We cannot agree, however, that an employee can recover punitive damages for violation of the Missouri service letter statute without showing actual or legal malice on the part of the employer. E.g., Schilligo v. Purolator Courier Corp., 824 F.2d 660, 663-64 (8th Cir.1987) (Missouri service letter statute); Comerio v. Beatrice Foods Co., 616 F. Supp. 1423, 1426 (E.D.Mo.1985) (Missouri service letter statute); Schmidt v. Central Hardware Co., 516 S.W.2d 556, 560 (Mo.Ct.App.1974). "[F]ailure to issue [a service letter], standing alone, will not warrant an award of punitive damages." Schilligo v. Purolator Courier Corp., 824 F.2d at 664.

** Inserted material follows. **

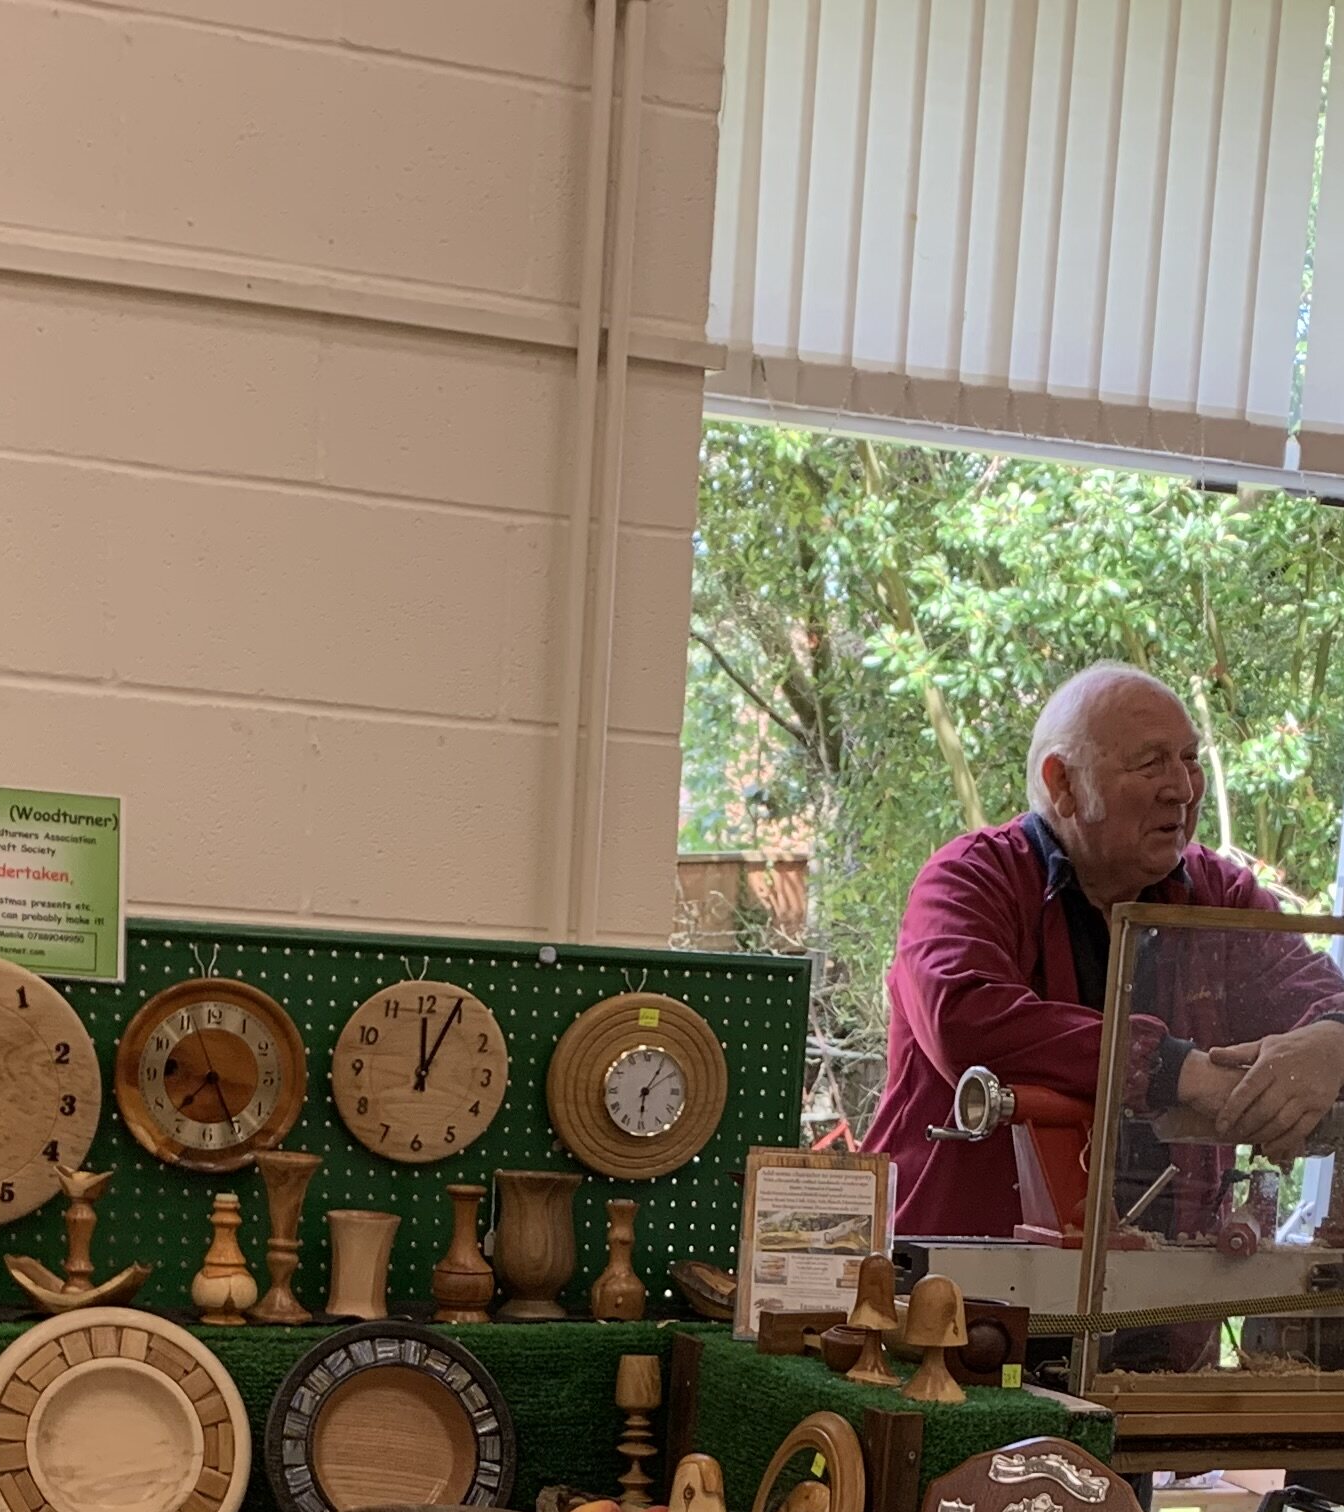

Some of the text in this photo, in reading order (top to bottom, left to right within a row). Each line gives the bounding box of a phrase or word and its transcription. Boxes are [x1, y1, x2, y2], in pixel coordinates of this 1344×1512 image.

Although the record in the present case does not support actual malice, there was sufficient evidence to support a finding of legal malice, which exists where a wrongful act is intentionally done without just cause or excuse. See, e.g., Schmidt v. Central Hardware Co., 516 S.W.2d at 560. There was evidence in the record to show that Woodline not only knew about the requirements of the Missouri service letter statute but intentionally refused to comply with those requirements. The district court did not err in submitting the issue of punitive damages to the jury. However, the instructions on punitive damages, as given, failed to require the jury to find malice, actual, legal or otherwise, and to define malice. For this reason, we reverse the award of punitive damages and remand for a new trial on this issue only. See generally 3 E. Devitt, C. Blackmar & M. Wolff, Federal Jury Practice and Instructions Civil Sec. 85.19 & notes (4th ed. 1987); Mo. Approved Jury Instructions Civil Sec. 10.01 & notes on use (3d ed. Supp.1988).
Cautionary Instruction
Woodline next argues that the district court erred in refusing to give a proposed cautionary instruction on wrongful discharge. The giving of cautionary instructions is a matter committed to the discretion of the district court, and its decision will not be reversed absent a clear showing of abuse of discretion. We find no such abuse of discretion.
Accordingly, the judgment of the district court is affirmed in part and reversed in part, and the case is remanded to the district court for further proceedings on the punitive damages issue only.